- [Brief]: Output every entry exactly as written.

[Stored items]

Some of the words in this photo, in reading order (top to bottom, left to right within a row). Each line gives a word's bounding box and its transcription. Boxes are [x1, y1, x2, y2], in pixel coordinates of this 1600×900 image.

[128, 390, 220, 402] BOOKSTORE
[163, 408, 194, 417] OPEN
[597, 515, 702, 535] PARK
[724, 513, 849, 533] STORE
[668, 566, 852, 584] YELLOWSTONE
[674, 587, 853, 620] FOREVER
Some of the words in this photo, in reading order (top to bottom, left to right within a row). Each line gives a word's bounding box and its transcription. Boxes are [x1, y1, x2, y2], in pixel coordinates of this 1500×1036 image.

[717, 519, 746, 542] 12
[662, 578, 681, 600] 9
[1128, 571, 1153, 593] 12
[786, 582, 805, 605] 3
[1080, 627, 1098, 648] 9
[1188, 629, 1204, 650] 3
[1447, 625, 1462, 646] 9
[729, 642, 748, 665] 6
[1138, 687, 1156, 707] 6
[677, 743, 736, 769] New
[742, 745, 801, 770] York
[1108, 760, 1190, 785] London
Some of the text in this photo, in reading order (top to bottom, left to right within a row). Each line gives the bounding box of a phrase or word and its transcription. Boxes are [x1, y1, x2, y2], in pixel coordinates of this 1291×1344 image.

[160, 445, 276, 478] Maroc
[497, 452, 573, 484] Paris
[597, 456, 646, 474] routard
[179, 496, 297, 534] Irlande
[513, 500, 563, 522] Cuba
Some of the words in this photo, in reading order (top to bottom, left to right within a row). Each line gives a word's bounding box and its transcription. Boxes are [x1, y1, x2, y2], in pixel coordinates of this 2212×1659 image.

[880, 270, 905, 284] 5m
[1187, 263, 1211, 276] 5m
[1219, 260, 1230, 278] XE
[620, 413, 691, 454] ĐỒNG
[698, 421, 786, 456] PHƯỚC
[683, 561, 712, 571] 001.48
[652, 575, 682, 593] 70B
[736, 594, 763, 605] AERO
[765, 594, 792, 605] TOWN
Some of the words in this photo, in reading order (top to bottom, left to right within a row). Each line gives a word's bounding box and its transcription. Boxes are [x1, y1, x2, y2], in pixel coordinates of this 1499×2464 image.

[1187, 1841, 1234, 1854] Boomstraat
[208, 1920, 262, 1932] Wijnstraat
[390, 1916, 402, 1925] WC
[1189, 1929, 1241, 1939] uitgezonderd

- [Response to the exercise]:
Some of the words in this photo, in reading order (top to bottom, left to right within a row). Each line gives a word's bounding box and its transcription. Boxes are [x1, y1, x2, y2], in pixel coordinates of this 1600×900 image.

[128, 390, 220, 402] BOOKSTORE
[163, 408, 194, 417] OPEN
[597, 515, 702, 535] PARK
[724, 513, 849, 533] STORE
[668, 566, 852, 584] YELLOWSTONE
[674, 587, 853, 620] FOREVER
Some of the words in this photo, in reading order (top to bottom, left to right within a row). Each line gives a word's bounding box and its transcription. Boxes are [x1, y1, x2, y2], in pixel coordinates of this 1500×1036 image.

[717, 519, 746, 542] 12
[662, 578, 681, 600] 9
[1128, 571, 1153, 593] 12
[786, 582, 805, 605] 3
[1080, 627, 1098, 648] 9
[1188, 629, 1204, 650] 3
[1447, 625, 1462, 646] 9
[729, 642, 748, 665] 6
[1138, 687, 1156, 707] 6
[677, 743, 736, 769] New
[742, 745, 801, 770] York
[1108, 760, 1190, 785] London
Some of the text in this photo, in reading order (top to bottom, left to right within a row). Each line gives the bounding box of a phrase or word and its transcription. Boxes are [x1, y1, x2, y2], in pixel coordinates of this 1291×1344 image.

[160, 445, 276, 478] Maroc
[497, 452, 573, 484] Paris
[597, 456, 646, 474] routard
[179, 496, 297, 534] Irlande
[513, 500, 563, 522] Cuba
Some of the words in this photo, in reading order (top to bottom, left to right within a row). Each line gives a word's bounding box and its transcription. Boxes are [x1, y1, x2, y2], in pixel coordinates of this 2212×1659 image.

[880, 270, 905, 284] 5m
[1187, 263, 1211, 276] 5m
[1219, 260, 1230, 278] XE
[620, 413, 691, 454] ĐỒNG
[698, 421, 786, 456] PHƯỚC
[683, 561, 712, 571] 001.48
[652, 575, 682, 593] 70B
[736, 594, 763, 605] AERO
[765, 594, 792, 605] TOWN
Some of the words in this photo, in reading order (top to bottom, left to right within a row). Each line gives a word's bounding box and its transcription. Boxes are [x1, y1, x2, y2], in pixel coordinates of this 1499×2464 image.

[1187, 1841, 1234, 1854] Boomstraat
[208, 1920, 262, 1932] Wijnstraat
[390, 1916, 402, 1925] WC
[1189, 1929, 1241, 1939] uitgezonderd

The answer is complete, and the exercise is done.